In the background, bubbling away under the surface, a silly season for IndyCar’s 'worst' seat has been rumbling on.
It’s between 2023’s two lowest full-time championship finishers, Sting Ray Robb and AJ Foyt’s Benjamin Pedersen, for what is effectively Pedersen’s Foyt seat. Fasten in because it’s a bumpy ride also involving Santino Ferrucci.
Robb and Pedersen finished 118 and 85 points behind their team-mates respectively last season, with Pedersen at the bottom of the full-timers in the championship pile, although Robb has decided he wants to join that team from Dale Coyne and was announced at Foyt on Friday.
He brings one of IndyCar’s biggest budgets, valued at $8.5million by Racer, to the table, and the announcement that he would take over the Indianapolis-run AJ Foyt car - it runs the second car from Texas - raised eyebrows as that’s usually Pedersen’s car.
Asked about that and whether Pedersen would be back next year, team boss Larry Foyt replied “not sure about that, we’re sorting all that out”.
It encouraged Pedersen to take to social media with a statement confirming he would be Robb’s team-mate next year.
Foyt only desires two full-time cars, and Santino Ferrucci is wanted back in the Texas-run car, so now at least publicly it has two drivers for one car, both bringing very significant budgets.
The questions over Pedersen's future have existed for some time.
He signed what was announced as a multi-year deal starting in 2023 but, behind the scenes, Foyt is believed to be keen to move on from its rookie, who finished fourth and fifth in two seasons of Indy Lights before arriving here.

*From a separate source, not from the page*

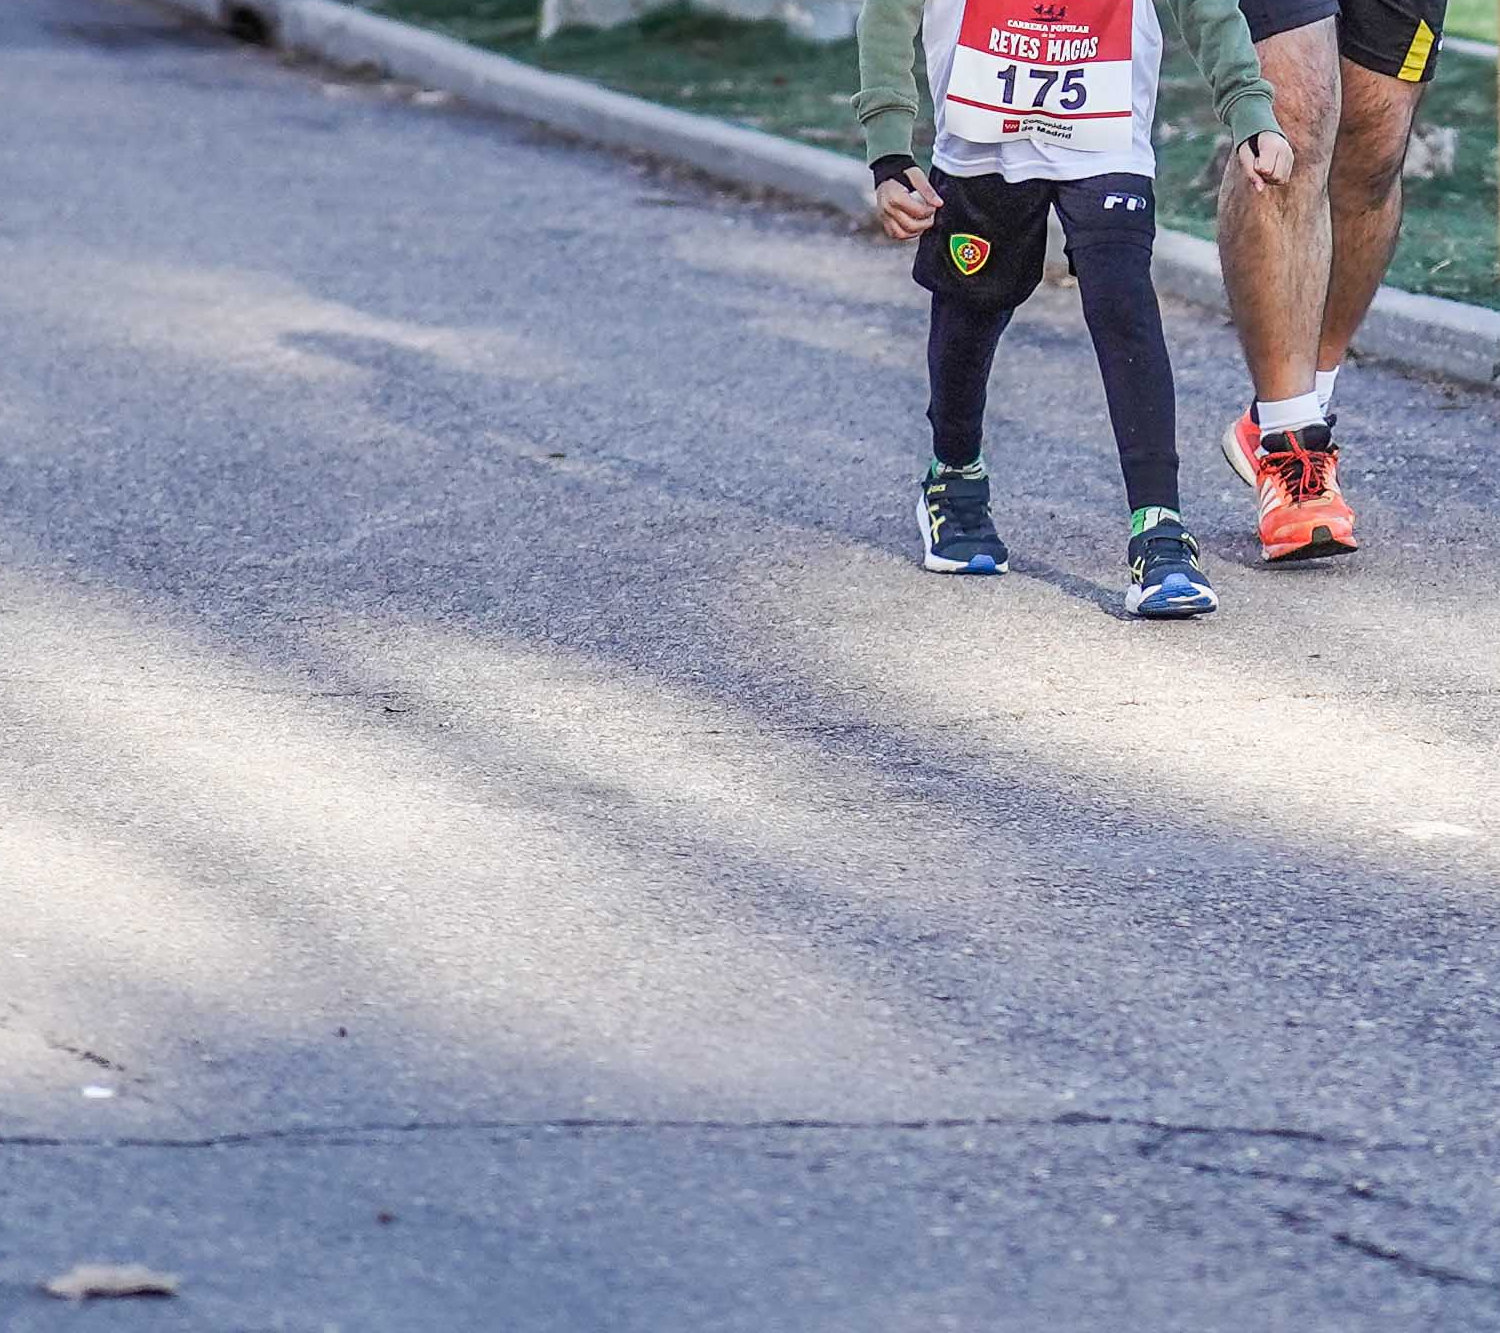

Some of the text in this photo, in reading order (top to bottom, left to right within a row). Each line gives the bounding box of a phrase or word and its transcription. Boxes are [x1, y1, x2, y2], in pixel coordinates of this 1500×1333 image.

[1007, 20, 1089, 33] CARRERA POPULAR
[988, 28, 1099, 62] REYES MAGOS
[997, 64, 1087, 110] 175

The deal in place between the two involves significant budget from Pedersen, but also has stipulations which are understood not to be favourable to Foyt in the long-term.
A number of car-damaging incidents - not all Pedersen’s fault, admittedly - and performances not good enough to earn Foyt one of the near-$1m spots in the Leaders Circle for full-time entrants have caused Foyt to look at how to move forward.

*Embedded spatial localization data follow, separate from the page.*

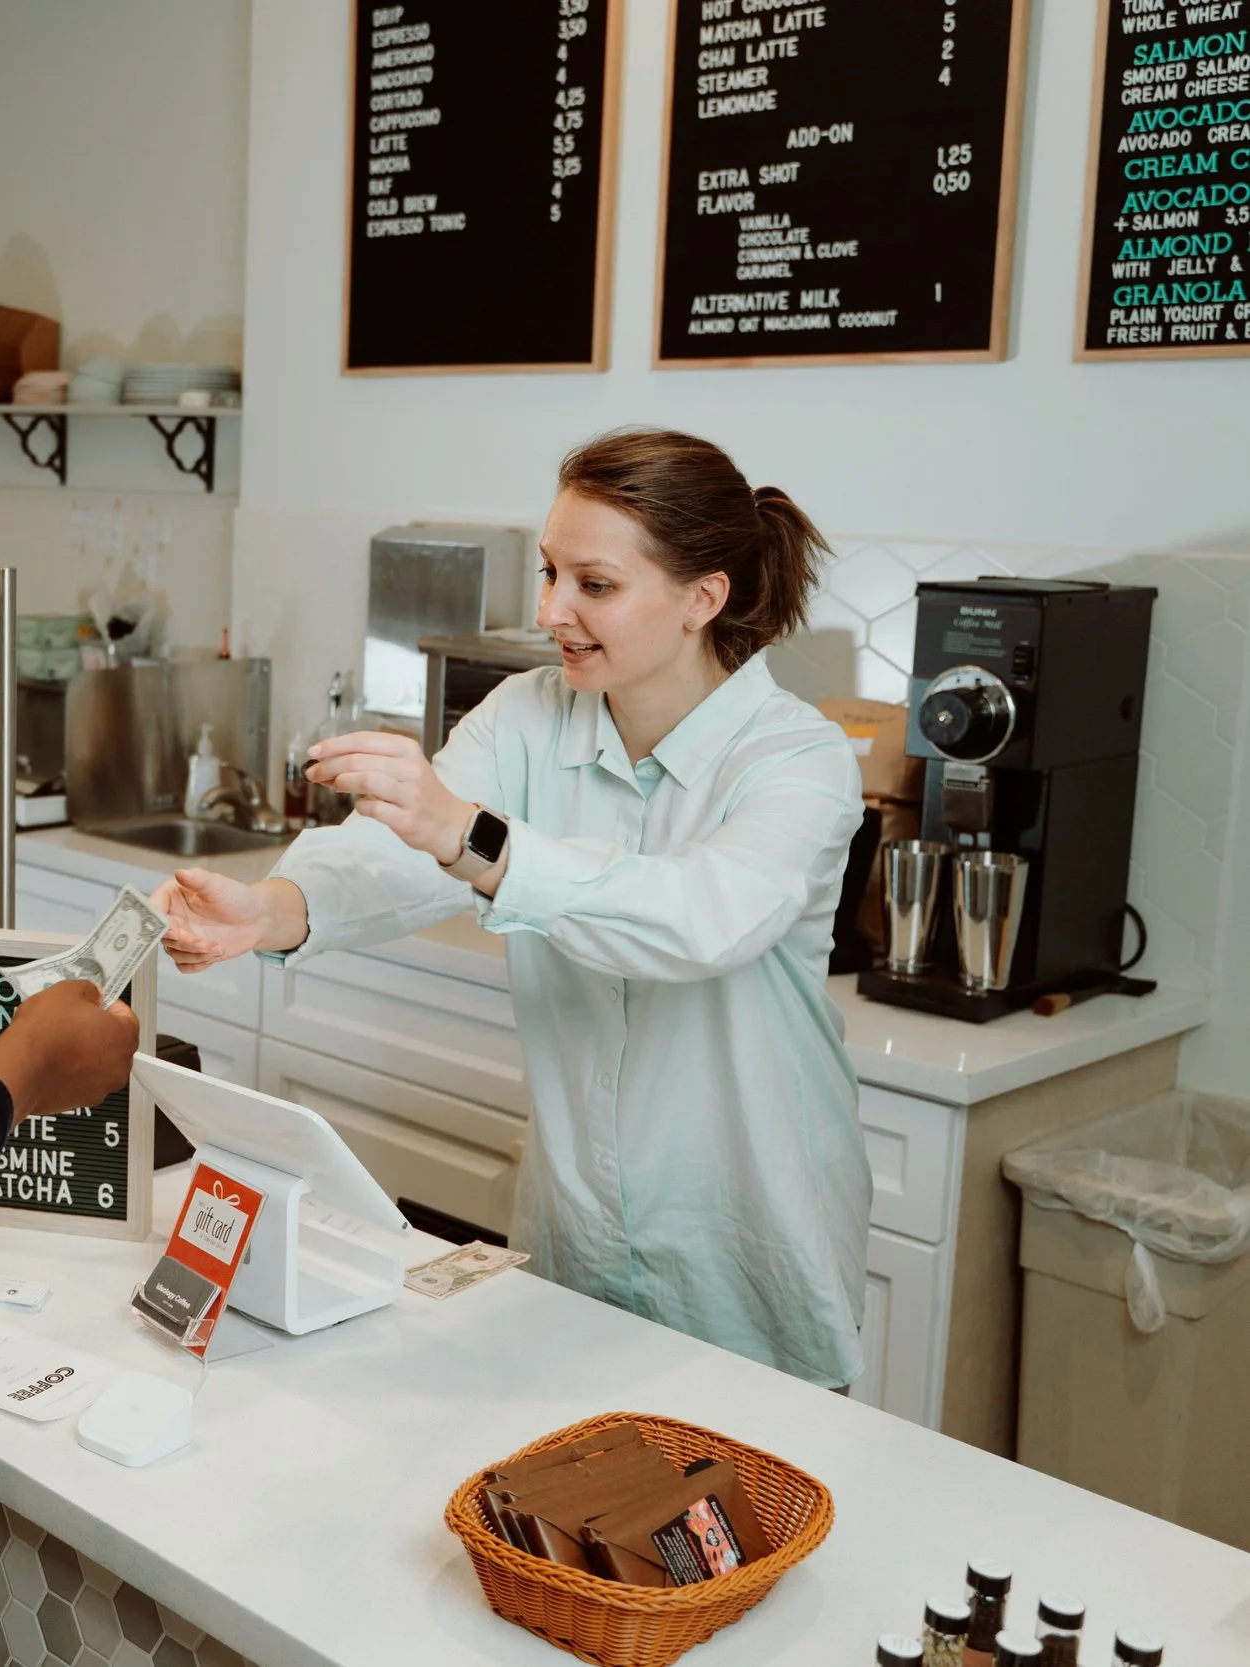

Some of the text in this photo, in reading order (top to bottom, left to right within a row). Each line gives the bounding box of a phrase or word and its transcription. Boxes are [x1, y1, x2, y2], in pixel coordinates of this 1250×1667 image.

[701, 0, 734, 21] HOT
[1121, 1, 1243, 35] WHOLE WHEAT
[1123, 0, 1165, 15] TUNA
[558, 17, 588, 40] 3,50
[700, 18, 762, 45] MATCHA
[773, 6, 827, 34] LATTE
[942, 11, 956, 33] 5
[372, 22, 430, 48] ESPRESSO
[557, 43, 568, 62] 4
[698, 36, 799, 70] CHAI LATTE
[941, 39, 955, 60] 2
[1133, 30, 1248, 66] SALMON
[556, 66, 567, 84] 4
[697, 66, 769, 95] STEAMER
[938, 65, 952, 87] 4
[1122, 62, 1187, 87] SMOKED
[1121, 74, 1250, 105] CREAM CHEESE
[698, 90, 778, 119] LEMONADE
[1127, 99, 1250, 134] AVOCADO
[553, 110, 583, 132] 4,75
[370, 133, 408, 154] LATTE
[553, 134, 575, 156] 5,5
[786, 122, 854, 149] ADD-ON
[1117, 129, 1192, 153] AVOCADO
[369, 155, 410, 175] MOCHA
[937, 144, 972, 170] 1,25
[1124, 151, 1219, 181] CREAM
[698, 162, 801, 191] EXTRA SHOT
[933, 171, 971, 196] 0,50
[551, 181, 562, 199] 4
[1121, 182, 1250, 215] AVOCADO
[367, 194, 437, 216] COLD BREW
[550, 203, 561, 222] 5
[697, 192, 755, 215] FLAVOR
[366, 212, 466, 237] ESPRESSO TONIC
[739, 213, 791, 231] VANILLA
[738, 227, 810, 248] CHOCOLATE
[1117, 232, 1233, 260] ALMOND
[737, 240, 859, 264] CINNAMON & CLOVE
[736, 262, 793, 280] CARAMEL
[1111, 255, 1243, 279] WITH JELLY &
[691, 288, 841, 315] ALTERNATIVE MILK
[934, 282, 942, 302] 1
[1113, 279, 1247, 307] GRANOLA
[688, 317, 735, 335] ALMOND
[838, 310, 899, 329] COCONUT
[1110, 307, 1157, 325] PLAIN
[1163, 304, 1225, 323] YOGURT
[1106, 325, 1163, 344] FRESH
[1171, 323, 1218, 341] FRUIT
[1225, 322, 1238, 339] &
[103, 1122, 120, 1148] 5
[97, 1183, 114, 1209] 6
[193, 1207, 214, 1233] gift
[212, 1219, 236, 1244] card
[156, 1282, 176, 1301] Ideology
[174, 1294, 191, 1309] Coffee
[6, 1366, 75, 1402] COFFEE
[711, 1501, 720, 1514] Raw
[717, 1513, 729, 1534] Vegan
[726, 1531, 742, 1560] Chocolate

If it's a good Leaders Circle performance it wants, signing Robb - who was further behind his Coyne team-mate David Malukas than Pedersen was Ferrucci and still didn't make the LeadersCircle himself - perhaps it isn’t the best move. But it is most likely a more lucrative deal.

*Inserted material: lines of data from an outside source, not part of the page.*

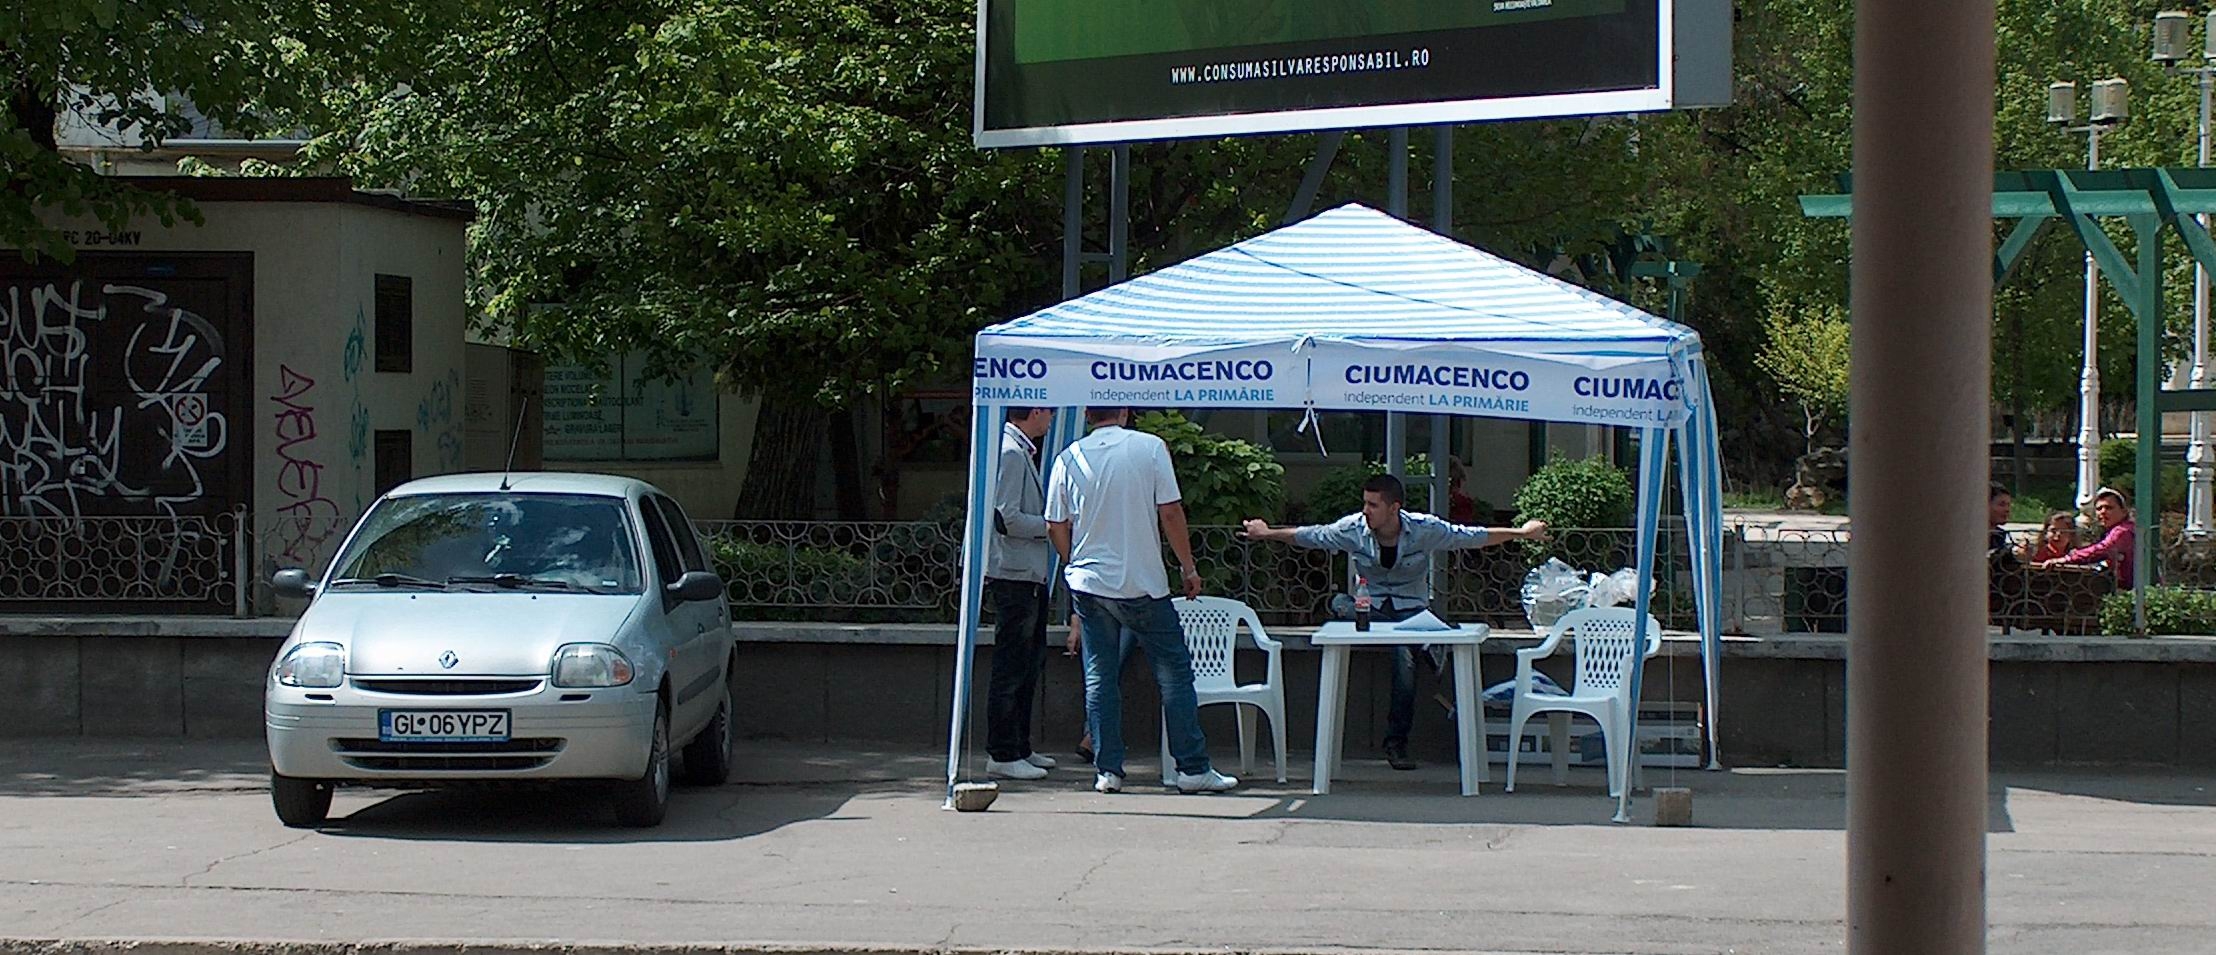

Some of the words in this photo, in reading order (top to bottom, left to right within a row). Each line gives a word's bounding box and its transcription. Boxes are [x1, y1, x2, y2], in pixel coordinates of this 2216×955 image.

[1171, 49, 1430, 83] WWW.CONSUMASILVARESPONSABIL.RO
[1091, 360, 1273, 381] CIUMACENCO
[1345, 364, 1530, 391] CIUMACENCO
[1091, 389, 1170, 402] independent
[1175, 389, 1194, 400] LA
[1199, 387, 1274, 400] PRIMĂRIE
[1344, 391, 1425, 405] independent
[1429, 394, 1449, 406] LA
[1453, 395, 1529, 412] PRIMĂRIE
[1573, 404, 1653, 420] independent
[394, 714, 422, 735] GL

Behind the scenes there’s a bigger picture going on, too.
To call this IndyCar’s worst seat is accurate in terms of the full-time cars who competed in IndyCar last year, but it’s not true in terms of the potential Foyt has.
In the space of a couple of months, experienced engineer Mike Cannon came to the team last off-season from Chip Ganassi Racing and helped turn the team from an Indianapolis 500 backmarker to victory threat with Ferrucci, and Pedersen qualified brilliantly, even if he fell back in the race.
Ferrucci finished third, giving Foyt its best finish for 23 years at the Indy 500.
Many, including The Race, are very interested to see, with a year under his belt and focus placed on the rest of the calendar, how far Cannon can boost Foyt’s fortunes.
Then there’s the small matter of a partnership with Penske, which is more aimed at the development of young talent in and out of the car, but adds an immediate gravitas to this often underperforming team struggling to live up to the burden of the name of the team owner, IndyCar’s most successful champion.
It’s a fascinating story that may need outside intervention if Pedersen and Foyt can’t come to an agreement. Pedersen's statement makes it look like he's not keen to end this relationship yet. Your move, Foyt...
There’s only one seat at Foyt and two at Coyne remaining on the 2024 grid, so you can understand the urgency here.
Neither driver deserves to be in IndyCar on merit but, even with the cash to compete, Pedersen may end up missing out or driving for a team that hasn't made it look like it wants him very much.
As nice as both drivers appear to be, Foyt should be using Cannon’s arrival and the Penske link to aim for a higher-calibre driver than either, even if their bill-paying money is attractive.
If it keeps the doors open, fair enough. But it would be a shame to squander the momentum this team is building.